---------- STUDY MATERIAL ----------

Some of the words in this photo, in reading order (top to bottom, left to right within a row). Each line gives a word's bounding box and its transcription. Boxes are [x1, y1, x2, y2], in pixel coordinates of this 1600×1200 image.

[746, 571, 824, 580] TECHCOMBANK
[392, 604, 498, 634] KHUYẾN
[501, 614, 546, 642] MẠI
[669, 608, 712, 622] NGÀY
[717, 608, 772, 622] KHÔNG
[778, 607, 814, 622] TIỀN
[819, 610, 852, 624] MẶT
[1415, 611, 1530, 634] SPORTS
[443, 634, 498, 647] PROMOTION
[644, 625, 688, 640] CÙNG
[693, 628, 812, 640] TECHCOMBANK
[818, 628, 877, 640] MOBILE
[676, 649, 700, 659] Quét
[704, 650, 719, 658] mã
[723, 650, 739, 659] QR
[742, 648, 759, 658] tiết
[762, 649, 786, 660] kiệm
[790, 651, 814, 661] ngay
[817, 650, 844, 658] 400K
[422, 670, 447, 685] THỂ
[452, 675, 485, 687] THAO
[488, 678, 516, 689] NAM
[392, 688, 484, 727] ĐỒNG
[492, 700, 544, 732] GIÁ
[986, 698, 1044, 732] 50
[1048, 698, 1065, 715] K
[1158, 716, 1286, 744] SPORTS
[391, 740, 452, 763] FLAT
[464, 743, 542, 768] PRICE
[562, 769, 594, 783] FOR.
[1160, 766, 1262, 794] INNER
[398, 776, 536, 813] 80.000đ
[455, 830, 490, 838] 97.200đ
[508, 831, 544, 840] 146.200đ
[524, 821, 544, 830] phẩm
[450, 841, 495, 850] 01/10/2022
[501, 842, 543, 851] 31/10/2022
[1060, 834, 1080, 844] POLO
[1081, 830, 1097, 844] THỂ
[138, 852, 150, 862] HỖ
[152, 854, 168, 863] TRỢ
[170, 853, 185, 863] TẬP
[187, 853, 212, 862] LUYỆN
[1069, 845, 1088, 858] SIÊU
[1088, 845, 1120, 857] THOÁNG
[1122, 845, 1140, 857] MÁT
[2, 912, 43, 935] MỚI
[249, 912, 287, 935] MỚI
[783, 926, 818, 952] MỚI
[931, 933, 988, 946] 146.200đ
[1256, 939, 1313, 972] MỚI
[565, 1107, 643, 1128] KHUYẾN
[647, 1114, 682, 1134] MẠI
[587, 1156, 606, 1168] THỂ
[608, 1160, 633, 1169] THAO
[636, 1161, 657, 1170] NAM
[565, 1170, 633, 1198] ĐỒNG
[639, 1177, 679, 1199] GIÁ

----------

ACTION ITEM: Retype the material. Keep it exact.

ANSWER TO THIS PROBLEM:
Some of the words in this photo, in reading order (top to bottom, left to right within a row). Each line gives a word's bounding box and its transcription. Boxes are [x1, y1, x2, y2], in pixel coordinates of this 1600×1200 image.

[746, 571, 824, 580] TECHCOMBANK
[392, 604, 498, 634] KHUYẾN
[501, 614, 546, 642] MẠI
[669, 608, 712, 622] NGÀY
[717, 608, 772, 622] KHÔNG
[778, 607, 814, 622] TIỀN
[819, 610, 852, 624] MẶT
[1415, 611, 1530, 634] SPORTS
[443, 634, 498, 647] PROMOTION
[644, 625, 688, 640] CÙNG
[693, 628, 812, 640] TECHCOMBANK
[818, 628, 877, 640] MOBILE
[676, 649, 700, 659] Quét
[704, 650, 719, 658] mã
[723, 650, 739, 659] QR
[742, 648, 759, 658] tiết
[762, 649, 786, 660] kiệm
[790, 651, 814, 661] ngay
[817, 650, 844, 658] 400K
[422, 670, 447, 685] THỂ
[452, 675, 485, 687] THAO
[488, 678, 516, 689] NAM
[392, 688, 484, 727] ĐỒNG
[492, 700, 544, 732] GIÁ
[986, 698, 1044, 732] 50
[1048, 698, 1065, 715] K
[1158, 716, 1286, 744] SPORTS
[391, 740, 452, 763] FLAT
[464, 743, 542, 768] PRICE
[562, 769, 594, 783] FOR.
[1160, 766, 1262, 794] INNER
[398, 776, 536, 813] 80.000đ
[455, 830, 490, 838] 97.200đ
[508, 831, 544, 840] 146.200đ
[524, 821, 544, 830] phẩm
[450, 841, 495, 850] 01/10/2022
[501, 842, 543, 851] 31/10/2022
[1060, 834, 1080, 844] POLO
[1081, 830, 1097, 844] THỂ
[138, 852, 150, 862] HỖ
[152, 854, 168, 863] TRỢ
[170, 853, 185, 863] TẬP
[187, 853, 212, 862] LUYỆN
[1069, 845, 1088, 858] SIÊU
[1088, 845, 1120, 857] THOÁNG
[1122, 845, 1140, 857] MÁT
[2, 912, 43, 935] MỚI
[249, 912, 287, 935] MỚI
[783, 926, 818, 952] MỚI
[931, 933, 988, 946] 146.200đ
[1256, 939, 1313, 972] MỚI
[565, 1107, 643, 1128] KHUYẾN
[647, 1114, 682, 1134] MẠI
[587, 1156, 606, 1168] THỂ
[608, 1160, 633, 1169] THAO
[636, 1161, 657, 1170] NAM
[565, 1170, 633, 1198] ĐỒNG
[639, 1177, 679, 1199] GIÁ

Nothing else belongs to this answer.